• **What you are asked to do**
Type the entries out once more. Match them exactly.

::::::::::

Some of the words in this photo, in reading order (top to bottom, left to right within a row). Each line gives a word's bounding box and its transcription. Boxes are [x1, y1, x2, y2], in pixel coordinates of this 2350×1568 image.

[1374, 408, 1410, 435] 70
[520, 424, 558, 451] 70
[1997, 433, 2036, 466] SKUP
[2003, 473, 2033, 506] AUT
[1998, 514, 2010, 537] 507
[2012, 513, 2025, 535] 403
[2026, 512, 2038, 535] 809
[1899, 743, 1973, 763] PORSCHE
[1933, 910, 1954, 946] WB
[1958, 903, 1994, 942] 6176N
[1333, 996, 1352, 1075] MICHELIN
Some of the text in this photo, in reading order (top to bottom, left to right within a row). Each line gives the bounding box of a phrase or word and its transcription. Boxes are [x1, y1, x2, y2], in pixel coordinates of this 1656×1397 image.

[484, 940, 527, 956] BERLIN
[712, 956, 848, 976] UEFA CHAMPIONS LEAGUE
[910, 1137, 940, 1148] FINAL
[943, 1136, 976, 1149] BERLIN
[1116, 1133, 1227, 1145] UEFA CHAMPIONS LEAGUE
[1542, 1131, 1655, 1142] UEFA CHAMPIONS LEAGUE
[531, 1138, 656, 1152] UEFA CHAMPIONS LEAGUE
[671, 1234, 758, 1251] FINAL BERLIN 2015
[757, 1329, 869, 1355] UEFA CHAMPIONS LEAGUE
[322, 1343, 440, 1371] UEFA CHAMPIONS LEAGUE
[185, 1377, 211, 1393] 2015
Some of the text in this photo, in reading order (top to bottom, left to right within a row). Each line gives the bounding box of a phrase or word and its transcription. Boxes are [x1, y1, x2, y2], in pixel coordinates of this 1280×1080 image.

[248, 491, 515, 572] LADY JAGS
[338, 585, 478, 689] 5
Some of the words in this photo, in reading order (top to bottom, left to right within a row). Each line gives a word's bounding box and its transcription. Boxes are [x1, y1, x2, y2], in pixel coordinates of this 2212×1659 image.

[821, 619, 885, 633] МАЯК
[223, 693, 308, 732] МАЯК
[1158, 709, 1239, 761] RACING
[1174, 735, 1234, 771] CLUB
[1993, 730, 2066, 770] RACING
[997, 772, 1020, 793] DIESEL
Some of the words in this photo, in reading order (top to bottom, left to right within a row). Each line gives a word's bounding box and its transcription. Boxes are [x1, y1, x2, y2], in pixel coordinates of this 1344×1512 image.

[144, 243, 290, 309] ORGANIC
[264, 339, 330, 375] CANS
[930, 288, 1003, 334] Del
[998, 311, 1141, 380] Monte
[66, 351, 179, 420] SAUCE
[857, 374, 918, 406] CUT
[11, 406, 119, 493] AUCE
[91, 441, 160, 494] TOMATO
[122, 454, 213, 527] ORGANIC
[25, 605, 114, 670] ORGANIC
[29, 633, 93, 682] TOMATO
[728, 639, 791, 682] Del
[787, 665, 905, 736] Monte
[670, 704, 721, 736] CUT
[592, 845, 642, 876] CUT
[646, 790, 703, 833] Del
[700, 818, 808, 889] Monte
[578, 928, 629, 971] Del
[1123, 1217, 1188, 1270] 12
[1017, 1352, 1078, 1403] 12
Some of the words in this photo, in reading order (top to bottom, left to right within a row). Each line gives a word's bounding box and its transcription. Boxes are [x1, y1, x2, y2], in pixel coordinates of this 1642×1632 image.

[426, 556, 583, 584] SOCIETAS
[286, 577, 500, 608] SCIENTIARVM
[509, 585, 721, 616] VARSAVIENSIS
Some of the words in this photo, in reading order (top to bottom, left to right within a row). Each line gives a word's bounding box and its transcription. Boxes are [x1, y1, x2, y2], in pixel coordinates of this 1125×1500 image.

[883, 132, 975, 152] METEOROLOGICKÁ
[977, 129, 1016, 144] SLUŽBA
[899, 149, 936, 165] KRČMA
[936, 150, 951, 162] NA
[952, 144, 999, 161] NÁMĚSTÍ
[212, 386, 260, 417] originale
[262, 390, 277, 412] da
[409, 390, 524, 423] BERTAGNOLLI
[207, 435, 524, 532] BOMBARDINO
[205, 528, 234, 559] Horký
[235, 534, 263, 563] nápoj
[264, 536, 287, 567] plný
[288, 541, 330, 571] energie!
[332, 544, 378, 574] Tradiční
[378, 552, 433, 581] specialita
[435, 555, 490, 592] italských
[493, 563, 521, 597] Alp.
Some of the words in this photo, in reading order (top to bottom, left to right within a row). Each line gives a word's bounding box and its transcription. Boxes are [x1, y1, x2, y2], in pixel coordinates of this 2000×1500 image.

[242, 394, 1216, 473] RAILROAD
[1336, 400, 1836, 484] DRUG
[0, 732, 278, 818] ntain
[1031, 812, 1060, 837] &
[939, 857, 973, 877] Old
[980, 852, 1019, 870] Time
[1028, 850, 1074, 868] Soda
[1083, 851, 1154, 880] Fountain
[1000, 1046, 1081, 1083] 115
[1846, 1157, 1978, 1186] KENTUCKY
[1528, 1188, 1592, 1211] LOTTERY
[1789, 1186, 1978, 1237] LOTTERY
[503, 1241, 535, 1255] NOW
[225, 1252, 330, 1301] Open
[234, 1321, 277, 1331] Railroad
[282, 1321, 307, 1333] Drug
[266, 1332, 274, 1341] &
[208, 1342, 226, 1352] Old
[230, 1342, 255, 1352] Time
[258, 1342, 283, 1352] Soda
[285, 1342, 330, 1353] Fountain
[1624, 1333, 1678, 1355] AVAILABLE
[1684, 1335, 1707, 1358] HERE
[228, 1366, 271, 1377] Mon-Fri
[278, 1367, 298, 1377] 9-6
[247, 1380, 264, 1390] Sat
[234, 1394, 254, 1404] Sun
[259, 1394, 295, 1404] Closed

::::::::::

• **Exercise response**
Some of the words in this photo, in reading order (top to bottom, left to right within a row). Each line gives a word's bounding box and its transcription. Boxes are [x1, y1, x2, y2], in pixel coordinates of this 2350×1568 image.

[1374, 408, 1410, 435] 70
[520, 424, 558, 451] 70
[1997, 433, 2036, 466] SKUP
[2003, 473, 2033, 506] AUT
[1998, 514, 2010, 537] 507
[2012, 513, 2025, 535] 403
[2026, 512, 2038, 535] 809
[1899, 743, 1973, 763] PORSCHE
[1933, 910, 1954, 946] WB
[1958, 903, 1994, 942] 6176N
[1333, 996, 1352, 1075] MICHELIN
Some of the text in this photo, in reading order (top to bottom, left to right within a row). Each line gives the bounding box of a phrase or word and its transcription. Boxes are [x1, y1, x2, y2], in pixel coordinates of this 1656×1397 image.

[484, 940, 527, 956] BERLIN
[712, 956, 848, 976] UEFA CHAMPIONS LEAGUE
[910, 1137, 940, 1148] FINAL
[943, 1136, 976, 1149] BERLIN
[1116, 1133, 1227, 1145] UEFA CHAMPIONS LEAGUE
[1542, 1131, 1655, 1142] UEFA CHAMPIONS LEAGUE
[531, 1138, 656, 1152] UEFA CHAMPIONS LEAGUE
[671, 1234, 758, 1251] FINAL BERLIN 2015
[757, 1329, 869, 1355] UEFA CHAMPIONS LEAGUE
[322, 1343, 440, 1371] UEFA CHAMPIONS LEAGUE
[185, 1377, 211, 1393] 2015
Some of the text in this photo, in reading order (top to bottom, left to right within a row). Each line gives the bounding box of a phrase or word and its transcription. Boxes are [x1, y1, x2, y2], in pixel coordinates of this 1280×1080 image.

[248, 491, 515, 572] LADY JAGS
[338, 585, 478, 689] 5
Some of the words in this photo, in reading order (top to bottom, left to right within a row). Each line gives a word's bounding box and its transcription. Boxes are [x1, y1, x2, y2], in pixel coordinates of this 2212×1659 image.

[821, 619, 885, 633] МАЯК
[223, 693, 308, 732] МАЯК
[1158, 709, 1239, 761] RACING
[1174, 735, 1234, 771] CLUB
[1993, 730, 2066, 770] RACING
[997, 772, 1020, 793] DIESEL
Some of the words in this photo, in reading order (top to bottom, left to right within a row). Each line gives a word's bounding box and its transcription. Boxes are [x1, y1, x2, y2], in pixel coordinates of this 1344×1512 image.

[144, 243, 290, 309] ORGANIC
[264, 339, 330, 375] CANS
[930, 288, 1003, 334] Del
[998, 311, 1141, 380] Monte
[66, 351, 179, 420] SAUCE
[857, 374, 918, 406] CUT
[11, 406, 119, 493] AUCE
[91, 441, 160, 494] TOMATO
[122, 454, 213, 527] ORGANIC
[25, 605, 114, 670] ORGANIC
[29, 633, 93, 682] TOMATO
[728, 639, 791, 682] Del
[787, 665, 905, 736] Monte
[670, 704, 721, 736] CUT
[592, 845, 642, 876] CUT
[646, 790, 703, 833] Del
[700, 818, 808, 889] Monte
[578, 928, 629, 971] Del
[1123, 1217, 1188, 1270] 12
[1017, 1352, 1078, 1403] 12
Some of the words in this photo, in reading order (top to bottom, left to right within a row). Each line gives a word's bounding box and its transcription. Boxes are [x1, y1, x2, y2], in pixel coordinates of this 1642×1632 image.

[426, 556, 583, 584] SOCIETAS
[286, 577, 500, 608] SCIENTIARVM
[509, 585, 721, 616] VARSAVIENSIS
Some of the words in this photo, in reading order (top to bottom, left to right within a row). Each line gives a word's bounding box and its transcription. Boxes are [x1, y1, x2, y2], in pixel coordinates of this 1125×1500 image.

[883, 132, 975, 152] METEOROLOGICKÁ
[977, 129, 1016, 144] SLUŽBA
[899, 149, 936, 165] KRČMA
[936, 150, 951, 162] NA
[952, 144, 999, 161] NÁMĚSTÍ
[212, 386, 260, 417] originale
[262, 390, 277, 412] da
[409, 390, 524, 423] BERTAGNOLLI
[207, 435, 524, 532] BOMBARDINO
[205, 528, 234, 559] Horký
[235, 534, 263, 563] nápoj
[264, 536, 287, 567] plný
[288, 541, 330, 571] energie!
[332, 544, 378, 574] Tradiční
[378, 552, 433, 581] specialita
[435, 555, 490, 592] italských
[493, 563, 521, 597] Alp.
Some of the words in this photo, in reading order (top to bottom, left to right within a row). Each line gives a word's bounding box and its transcription. Boxes are [x1, y1, x2, y2], in pixel coordinates of this 2000×1500 image.

[242, 394, 1216, 473] RAILROAD
[1336, 400, 1836, 484] DRUG
[0, 732, 278, 818] ntain
[1031, 812, 1060, 837] &
[939, 857, 973, 877] Old
[980, 852, 1019, 870] Time
[1028, 850, 1074, 868] Soda
[1083, 851, 1154, 880] Fountain
[1000, 1046, 1081, 1083] 115
[1846, 1157, 1978, 1186] KENTUCKY
[1528, 1188, 1592, 1211] LOTTERY
[1789, 1186, 1978, 1237] LOTTERY
[503, 1241, 535, 1255] NOW
[225, 1252, 330, 1301] Open
[234, 1321, 277, 1331] Railroad
[282, 1321, 307, 1333] Drug
[266, 1332, 274, 1341] &
[208, 1342, 226, 1352] Old
[230, 1342, 255, 1352] Time
[258, 1342, 283, 1352] Soda
[285, 1342, 330, 1353] Fountain
[1624, 1333, 1678, 1355] AVAILABLE
[1684, 1335, 1707, 1358] HERE
[228, 1366, 271, 1377] Mon-Fri
[278, 1367, 298, 1377] 9-6
[247, 1380, 264, 1390] Sat
[234, 1394, 254, 1404] Sun
[259, 1394, 295, 1404] Closed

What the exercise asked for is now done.